**Work instruction**: Each record that follows is to be duplicated exactly, though its pictures are not.

**Provided data**:
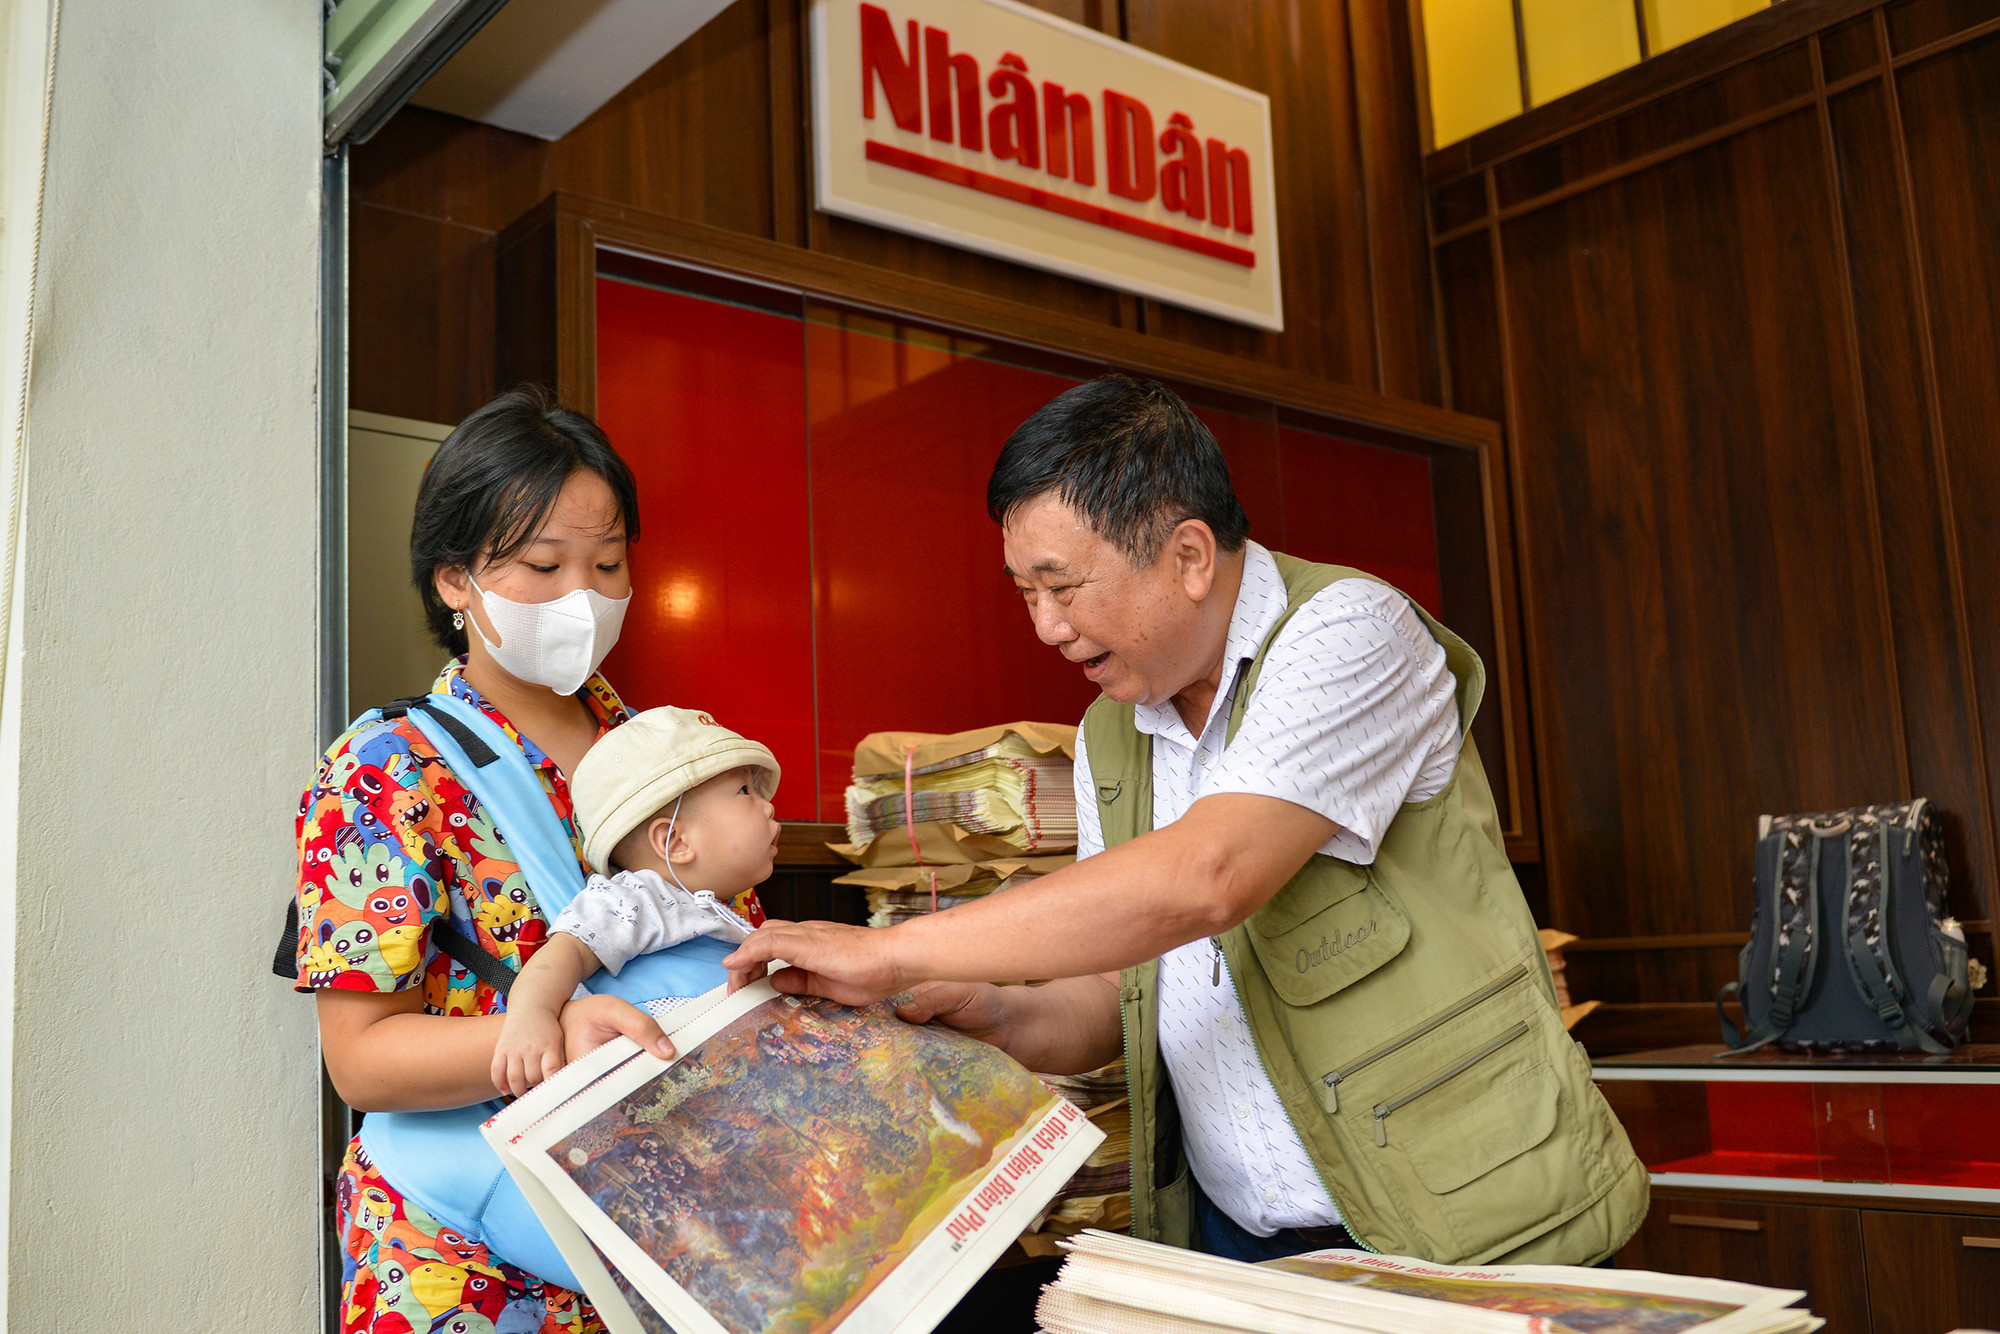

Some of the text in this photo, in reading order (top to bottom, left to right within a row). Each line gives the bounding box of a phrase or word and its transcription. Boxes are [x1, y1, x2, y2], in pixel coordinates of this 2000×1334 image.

[860, 2, 1253, 236] Nhân Dân
[1295, 919, 1380, 974] Outdoor
[1032, 1116, 1068, 1150] dịch
[1003, 1144, 1044, 1181] Điện
[974, 1174, 1016, 1211] Biên

**Reply to the task**:
Some of the text in this photo, in reading order (top to bottom, left to right within a row). Each line gives the bounding box of a phrase or word and its transcription. Boxes are [x1, y1, x2, y2], in pixel coordinates of this 2000×1334 image.

[860, 2, 1253, 236] Nhân Dân
[1295, 919, 1380, 974] Outdoor
[1032, 1116, 1068, 1150] dịch
[1003, 1144, 1044, 1181] Điện
[974, 1174, 1016, 1211] Biên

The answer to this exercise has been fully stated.